**What is being asked**. The complete set of records should be given again verbatim.

**Given entries**.
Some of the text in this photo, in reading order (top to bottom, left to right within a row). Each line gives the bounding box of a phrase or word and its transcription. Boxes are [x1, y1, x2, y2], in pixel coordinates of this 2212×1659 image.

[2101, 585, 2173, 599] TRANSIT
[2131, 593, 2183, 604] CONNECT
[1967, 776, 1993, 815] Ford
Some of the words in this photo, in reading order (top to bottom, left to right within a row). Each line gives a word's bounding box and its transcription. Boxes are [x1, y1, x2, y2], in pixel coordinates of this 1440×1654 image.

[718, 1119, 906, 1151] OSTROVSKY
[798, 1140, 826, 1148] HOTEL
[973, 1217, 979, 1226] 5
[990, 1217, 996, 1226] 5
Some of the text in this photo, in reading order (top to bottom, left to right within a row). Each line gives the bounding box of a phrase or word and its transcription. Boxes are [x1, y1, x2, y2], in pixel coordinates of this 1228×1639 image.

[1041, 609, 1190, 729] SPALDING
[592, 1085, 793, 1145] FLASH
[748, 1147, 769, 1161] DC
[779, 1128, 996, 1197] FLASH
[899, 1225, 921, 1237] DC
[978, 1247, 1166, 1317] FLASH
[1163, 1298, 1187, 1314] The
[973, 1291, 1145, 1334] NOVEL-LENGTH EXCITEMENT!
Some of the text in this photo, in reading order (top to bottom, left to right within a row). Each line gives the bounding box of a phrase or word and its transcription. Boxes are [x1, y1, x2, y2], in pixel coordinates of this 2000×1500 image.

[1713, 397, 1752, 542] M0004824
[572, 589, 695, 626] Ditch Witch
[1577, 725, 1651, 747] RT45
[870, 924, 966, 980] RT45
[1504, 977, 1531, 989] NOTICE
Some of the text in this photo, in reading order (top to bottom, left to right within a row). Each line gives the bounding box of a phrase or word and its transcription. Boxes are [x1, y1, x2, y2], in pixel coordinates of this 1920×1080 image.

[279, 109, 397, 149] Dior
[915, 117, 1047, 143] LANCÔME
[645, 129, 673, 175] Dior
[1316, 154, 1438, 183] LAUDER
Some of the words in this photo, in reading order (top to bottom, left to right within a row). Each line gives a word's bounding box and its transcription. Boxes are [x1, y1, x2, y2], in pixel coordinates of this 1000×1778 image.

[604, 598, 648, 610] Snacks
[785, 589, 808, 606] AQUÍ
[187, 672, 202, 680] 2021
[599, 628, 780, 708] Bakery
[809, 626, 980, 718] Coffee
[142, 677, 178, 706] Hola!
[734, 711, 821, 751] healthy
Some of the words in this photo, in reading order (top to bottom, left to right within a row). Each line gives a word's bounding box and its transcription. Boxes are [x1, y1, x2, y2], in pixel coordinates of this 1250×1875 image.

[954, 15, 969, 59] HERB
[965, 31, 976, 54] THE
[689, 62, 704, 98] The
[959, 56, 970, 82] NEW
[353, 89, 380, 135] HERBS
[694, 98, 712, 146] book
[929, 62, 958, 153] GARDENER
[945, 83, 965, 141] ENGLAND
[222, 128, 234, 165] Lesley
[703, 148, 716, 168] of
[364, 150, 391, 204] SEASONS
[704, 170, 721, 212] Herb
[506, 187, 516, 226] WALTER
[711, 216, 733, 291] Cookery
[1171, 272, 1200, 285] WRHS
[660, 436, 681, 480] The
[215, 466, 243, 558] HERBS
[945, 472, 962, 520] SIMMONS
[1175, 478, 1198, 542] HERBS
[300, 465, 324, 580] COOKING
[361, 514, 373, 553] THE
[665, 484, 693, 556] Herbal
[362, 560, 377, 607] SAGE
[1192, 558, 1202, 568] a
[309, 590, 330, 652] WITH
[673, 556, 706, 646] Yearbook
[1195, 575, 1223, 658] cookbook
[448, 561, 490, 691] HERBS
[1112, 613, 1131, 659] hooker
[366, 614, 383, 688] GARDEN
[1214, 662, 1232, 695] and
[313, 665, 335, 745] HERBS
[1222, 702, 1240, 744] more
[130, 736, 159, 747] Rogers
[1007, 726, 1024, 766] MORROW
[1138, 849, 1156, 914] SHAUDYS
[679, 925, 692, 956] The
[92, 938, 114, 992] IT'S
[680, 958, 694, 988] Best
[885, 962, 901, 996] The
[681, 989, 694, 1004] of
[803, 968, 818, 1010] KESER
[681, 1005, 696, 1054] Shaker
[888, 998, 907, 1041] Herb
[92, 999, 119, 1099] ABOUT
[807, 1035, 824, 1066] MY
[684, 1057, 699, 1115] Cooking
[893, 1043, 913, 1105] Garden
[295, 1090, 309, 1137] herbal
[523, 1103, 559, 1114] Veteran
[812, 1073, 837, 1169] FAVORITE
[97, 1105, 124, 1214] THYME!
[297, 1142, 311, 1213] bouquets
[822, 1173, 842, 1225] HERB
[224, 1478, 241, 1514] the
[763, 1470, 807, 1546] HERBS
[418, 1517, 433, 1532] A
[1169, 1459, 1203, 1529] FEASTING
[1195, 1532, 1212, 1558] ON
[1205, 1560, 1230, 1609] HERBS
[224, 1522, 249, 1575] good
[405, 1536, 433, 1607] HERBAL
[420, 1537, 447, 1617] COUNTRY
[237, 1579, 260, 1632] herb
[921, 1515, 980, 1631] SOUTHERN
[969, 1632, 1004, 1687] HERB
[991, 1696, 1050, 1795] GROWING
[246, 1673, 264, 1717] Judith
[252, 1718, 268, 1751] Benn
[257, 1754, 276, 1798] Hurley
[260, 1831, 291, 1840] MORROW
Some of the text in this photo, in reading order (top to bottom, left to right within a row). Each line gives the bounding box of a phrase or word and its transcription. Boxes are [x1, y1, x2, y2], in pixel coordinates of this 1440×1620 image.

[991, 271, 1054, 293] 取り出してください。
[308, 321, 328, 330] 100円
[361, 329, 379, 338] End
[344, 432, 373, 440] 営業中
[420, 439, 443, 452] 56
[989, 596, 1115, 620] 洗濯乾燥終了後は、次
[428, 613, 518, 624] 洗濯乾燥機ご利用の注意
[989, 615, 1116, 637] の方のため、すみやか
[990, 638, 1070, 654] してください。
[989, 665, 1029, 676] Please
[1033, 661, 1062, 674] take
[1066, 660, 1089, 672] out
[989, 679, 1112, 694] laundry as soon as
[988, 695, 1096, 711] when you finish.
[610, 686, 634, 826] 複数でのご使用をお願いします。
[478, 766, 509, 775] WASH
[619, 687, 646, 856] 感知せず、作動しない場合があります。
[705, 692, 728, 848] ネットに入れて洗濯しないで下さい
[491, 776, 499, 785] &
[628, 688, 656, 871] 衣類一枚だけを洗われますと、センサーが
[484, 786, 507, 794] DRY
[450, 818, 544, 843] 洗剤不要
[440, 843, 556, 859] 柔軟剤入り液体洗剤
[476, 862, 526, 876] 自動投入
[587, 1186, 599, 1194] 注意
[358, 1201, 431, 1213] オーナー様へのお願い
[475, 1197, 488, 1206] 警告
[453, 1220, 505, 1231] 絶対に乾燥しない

**Task response**.
Some of the text in this photo, in reading order (top to bottom, left to right within a row). Each line gives the bounding box of a phrase or word and its transcription. Boxes are [x1, y1, x2, y2], in pixel coordinates of this 2212×1659 image.

[2101, 585, 2173, 599] TRANSIT
[2131, 593, 2183, 604] CONNECT
[1967, 776, 1993, 815] Ford
Some of the words in this photo, in reading order (top to bottom, left to right within a row). Each line gives a word's bounding box and its transcription. Boxes are [x1, y1, x2, y2], in pixel coordinates of this 1440×1654 image.

[718, 1119, 906, 1151] OSTROVSKY
[798, 1140, 826, 1148] HOTEL
[973, 1217, 979, 1226] 5
[990, 1217, 996, 1226] 5
Some of the text in this photo, in reading order (top to bottom, left to right within a row). Each line gives the bounding box of a phrase or word and its transcription. Boxes are [x1, y1, x2, y2], in pixel coordinates of this 1228×1639 image.

[1041, 609, 1190, 729] SPALDING
[592, 1085, 793, 1145] FLASH
[748, 1147, 769, 1161] DC
[779, 1128, 996, 1197] FLASH
[899, 1225, 921, 1237] DC
[978, 1247, 1166, 1317] FLASH
[1163, 1298, 1187, 1314] The
[973, 1291, 1145, 1334] NOVEL-LENGTH EXCITEMENT!
Some of the text in this photo, in reading order (top to bottom, left to right within a row). Each line gives the bounding box of a phrase or word and its transcription. Boxes are [x1, y1, x2, y2], in pixel coordinates of this 2000×1500 image.

[1713, 397, 1752, 542] M0004824
[572, 589, 695, 626] Ditch Witch
[1577, 725, 1651, 747] RT45
[870, 924, 966, 980] RT45
[1504, 977, 1531, 989] NOTICE
Some of the text in this photo, in reading order (top to bottom, left to right within a row). Each line gives the bounding box of a phrase or word and its transcription. Boxes are [x1, y1, x2, y2], in pixel coordinates of this 1920×1080 image.

[279, 109, 397, 149] Dior
[915, 117, 1047, 143] LANCÔME
[645, 129, 673, 175] Dior
[1316, 154, 1438, 183] LAUDER
Some of the words in this photo, in reading order (top to bottom, left to right within a row). Each line gives a word's bounding box and its transcription. Boxes are [x1, y1, x2, y2], in pixel coordinates of this 1000×1778 image.

[604, 598, 648, 610] Snacks
[785, 589, 808, 606] AQUÍ
[187, 672, 202, 680] 2021
[599, 628, 780, 708] Bakery
[809, 626, 980, 718] Coffee
[142, 677, 178, 706] Hola!
[734, 711, 821, 751] healthy
Some of the words in this photo, in reading order (top to bottom, left to right within a row). Each line gives a word's bounding box and its transcription. Boxes are [x1, y1, x2, y2], in pixel coordinates of this 1250×1875 image.

[954, 15, 969, 59] HERB
[965, 31, 976, 54] THE
[689, 62, 704, 98] The
[959, 56, 970, 82] NEW
[353, 89, 380, 135] HERBS
[694, 98, 712, 146] book
[929, 62, 958, 153] GARDENER
[945, 83, 965, 141] ENGLAND
[222, 128, 234, 165] Lesley
[703, 148, 716, 168] of
[364, 150, 391, 204] SEASONS
[704, 170, 721, 212] Herb
[506, 187, 516, 226] WALTER
[711, 216, 733, 291] Cookery
[1171, 272, 1200, 285] WRHS
[660, 436, 681, 480] The
[215, 466, 243, 558] HERBS
[945, 472, 962, 520] SIMMONS
[1175, 478, 1198, 542] HERBS
[300, 465, 324, 580] COOKING
[361, 514, 373, 553] THE
[665, 484, 693, 556] Herbal
[362, 560, 377, 607] SAGE
[1192, 558, 1202, 568] a
[309, 590, 330, 652] WITH
[673, 556, 706, 646] Yearbook
[1195, 575, 1223, 658] cookbook
[448, 561, 490, 691] HERBS
[1112, 613, 1131, 659] hooker
[366, 614, 383, 688] GARDEN
[1214, 662, 1232, 695] and
[313, 665, 335, 745] HERBS
[1222, 702, 1240, 744] more
[130, 736, 159, 747] Rogers
[1007, 726, 1024, 766] MORROW
[1138, 849, 1156, 914] SHAUDYS
[679, 925, 692, 956] The
[92, 938, 114, 992] IT'S
[680, 958, 694, 988] Best
[885, 962, 901, 996] The
[681, 989, 694, 1004] of
[803, 968, 818, 1010] KESER
[681, 1005, 696, 1054] Shaker
[888, 998, 907, 1041] Herb
[92, 999, 119, 1099] ABOUT
[807, 1035, 824, 1066] MY
[684, 1057, 699, 1115] Cooking
[893, 1043, 913, 1105] Garden
[295, 1090, 309, 1137] herbal
[523, 1103, 559, 1114] Veteran
[812, 1073, 837, 1169] FAVORITE
[97, 1105, 124, 1214] THYME!
[297, 1142, 311, 1213] bouquets
[822, 1173, 842, 1225] HERB
[224, 1478, 241, 1514] the
[763, 1470, 807, 1546] HERBS
[418, 1517, 433, 1532] A
[1169, 1459, 1203, 1529] FEASTING
[1195, 1532, 1212, 1558] ON
[1205, 1560, 1230, 1609] HERBS
[224, 1522, 249, 1575] good
[405, 1536, 433, 1607] HERBAL
[420, 1537, 447, 1617] COUNTRY
[237, 1579, 260, 1632] herb
[921, 1515, 980, 1631] SOUTHERN
[969, 1632, 1004, 1687] HERB
[991, 1696, 1050, 1795] GROWING
[246, 1673, 264, 1717] Judith
[252, 1718, 268, 1751] Benn
[257, 1754, 276, 1798] Hurley
[260, 1831, 291, 1840] MORROW
Some of the text in this photo, in reading order (top to bottom, left to right within a row). Each line gives the bounding box of a phrase or word and its transcription. Boxes are [x1, y1, x2, y2], in pixel coordinates of this 1440×1620 image.

[991, 271, 1054, 293] 取り出してください。
[308, 321, 328, 330] 100円
[361, 329, 379, 338] End
[344, 432, 373, 440] 営業中
[420, 439, 443, 452] 56
[989, 596, 1115, 620] 洗濯乾燥終了後は、次
[428, 613, 518, 624] 洗濯乾燥機ご利用の注意
[989, 615, 1116, 637] の方のため、すみやか
[990, 638, 1070, 654] してください。
[989, 665, 1029, 676] Please
[1033, 661, 1062, 674] take
[1066, 660, 1089, 672] out
[989, 679, 1112, 694] laundry as soon as
[988, 695, 1096, 711] when you finish.
[610, 686, 634, 826] 複数でのご使用をお願いします。
[478, 766, 509, 775] WASH
[619, 687, 646, 856] 感知せず、作動しない場合があります。
[705, 692, 728, 848] ネットに入れて洗濯しないで下さい
[491, 776, 499, 785] &
[628, 688, 656, 871] 衣類一枚だけを洗われますと、センサーが
[484, 786, 507, 794] DRY
[450, 818, 544, 843] 洗剤不要
[440, 843, 556, 859] 柔軟剤入り液体洗剤
[476, 862, 526, 876] 自動投入
[587, 1186, 599, 1194] 注意
[358, 1201, 431, 1213] オーナー様へのお願い
[475, 1197, 488, 1206] 警告
[453, 1220, 505, 1231] 絶対に乾燥しない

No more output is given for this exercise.